O objetivo é obter ajuda da imensa comunidade de descendentes de libaneses que reside no Brasil. Posteriormente, será pleiteado auxílio para reconstrução da capital do Líbano.
“A explosão, como todo mundo viu, deixou o país numa situação de calamidade lamentável”, escreveu o governo libanês em uma das cartas, de acordo com UOL. “Já estava passando por uma crise econômica série, uma pandemia difícil e, para piorar, teve a destruição em massa de habitações, de hospitais, depósitos para alimentares no porto além de feridos e dos mortos”, apontou o texto.
O governo solicita ainda alimentos, incluindo trigo, farinha, “todo tipo de grãos” e enlatados.

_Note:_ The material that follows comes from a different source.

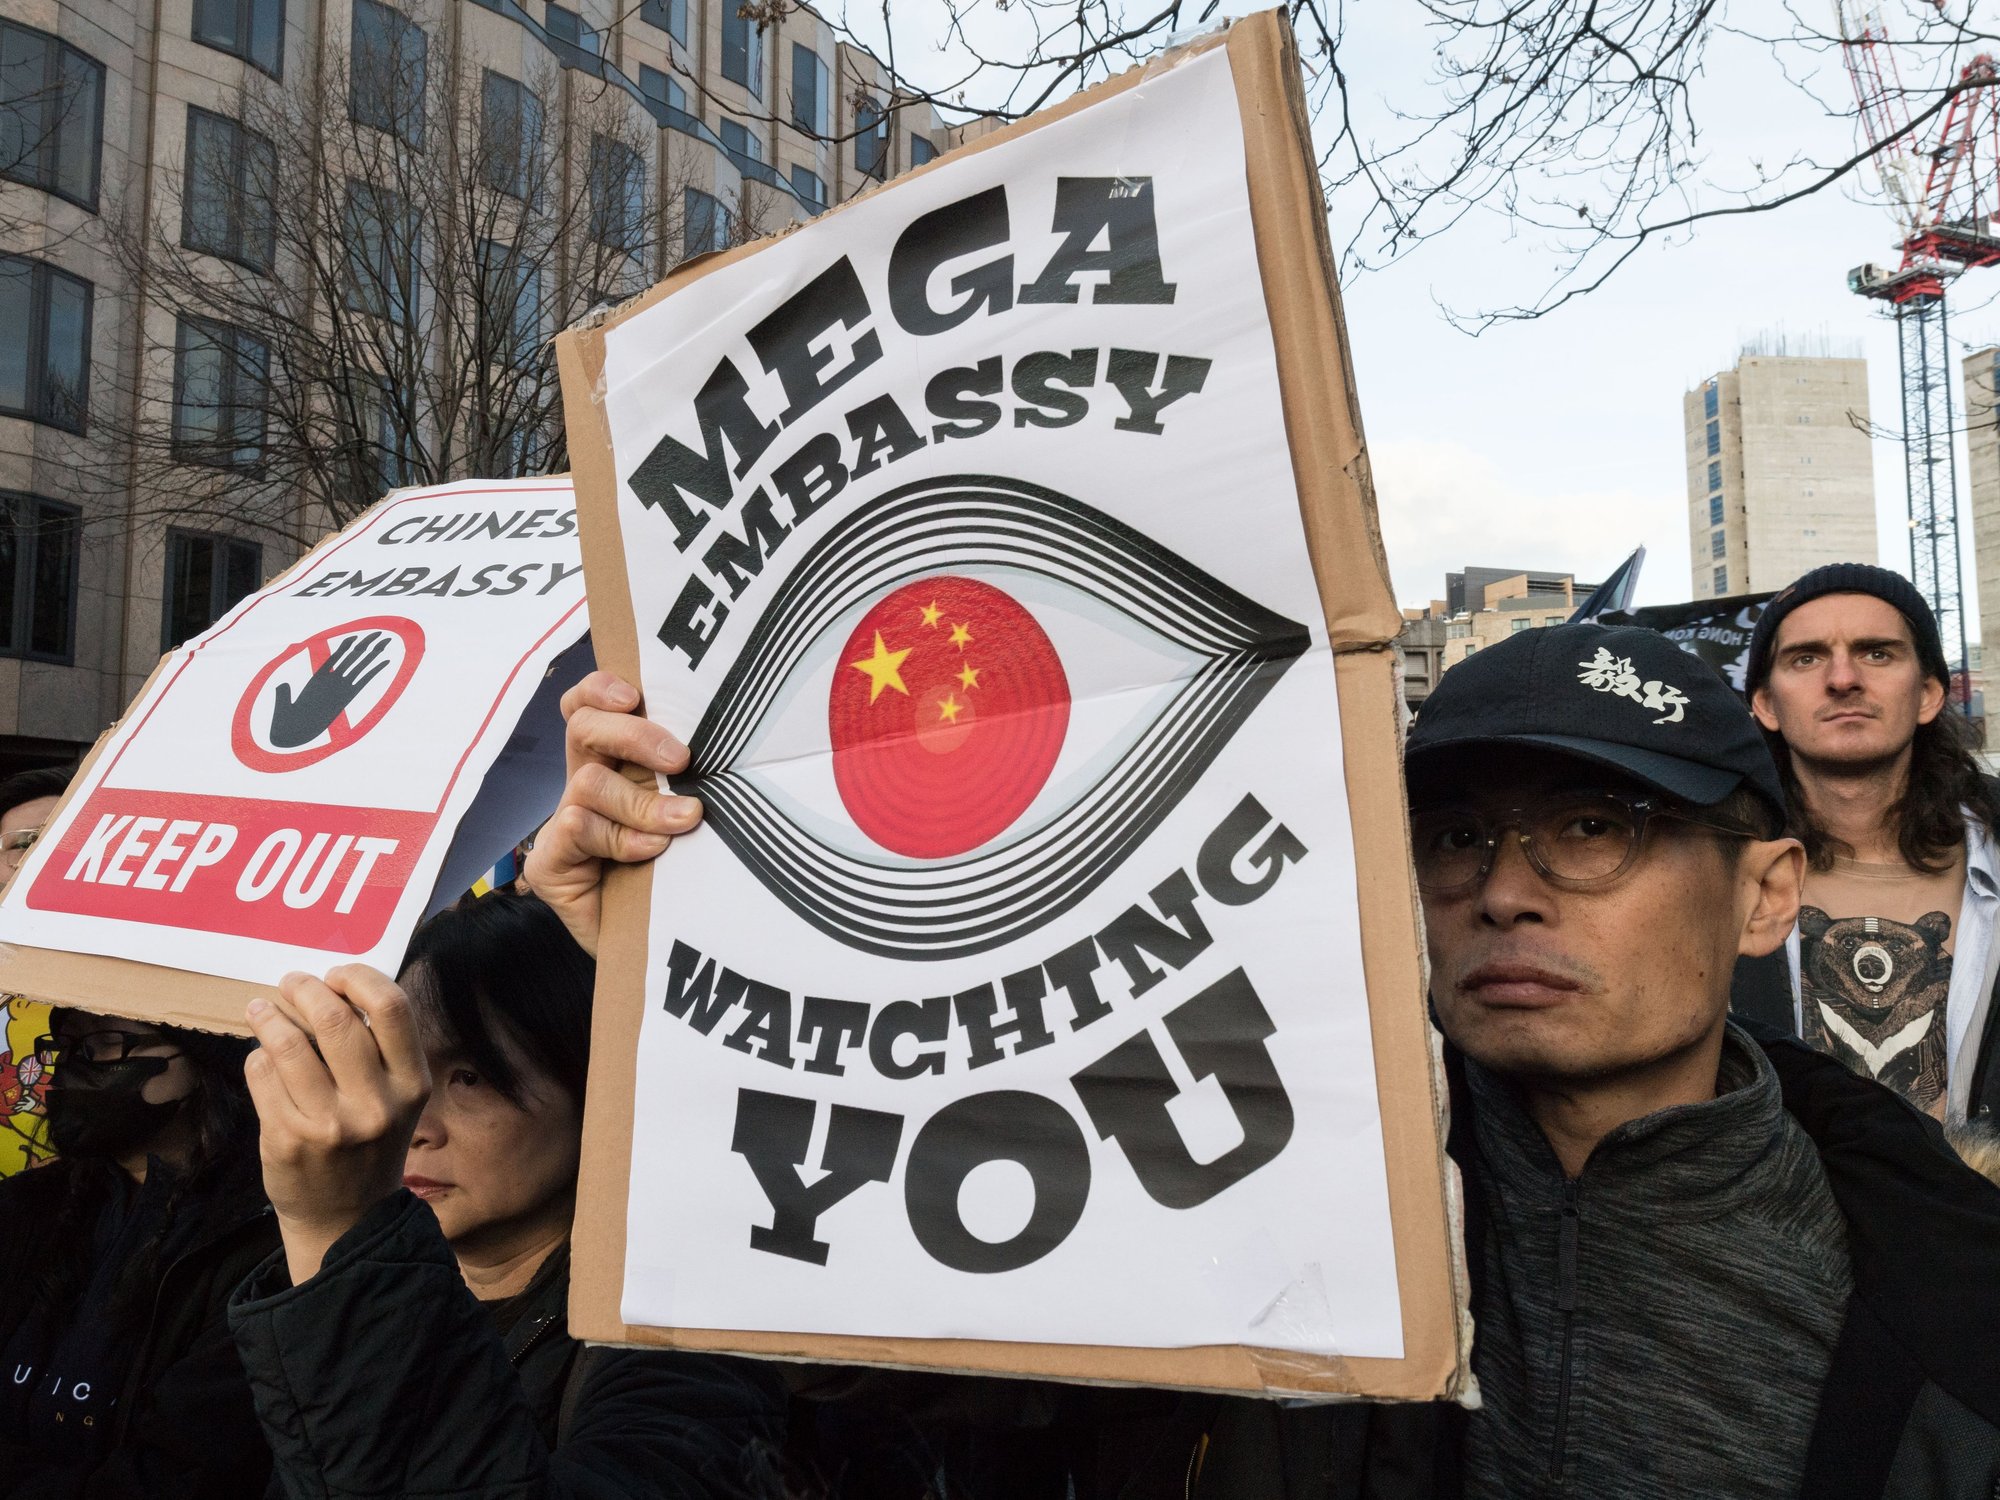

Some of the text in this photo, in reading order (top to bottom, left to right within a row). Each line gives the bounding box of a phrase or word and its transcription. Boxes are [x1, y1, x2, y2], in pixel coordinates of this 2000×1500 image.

Isso seria necessário “até poder repor o que foi queimado nos depósitos portuários”. O país também diz que precisa de material de construção, além de vidro, alumínio e material elétrico.
Nesta quinta-feira (6), hospitais de São Paulo, entidades de classe, clubes e outras organizações se reuniram para começar a estabelecer um plano de ajuda a Beirute. A ideia é de que essas entidades coordenem essa coleta de dinheiro e que comprem o material solicitado. Enquanto isso, Brasília colocaria à disposição um avião da FAB para fazer o transporte, já no início da semana que vem.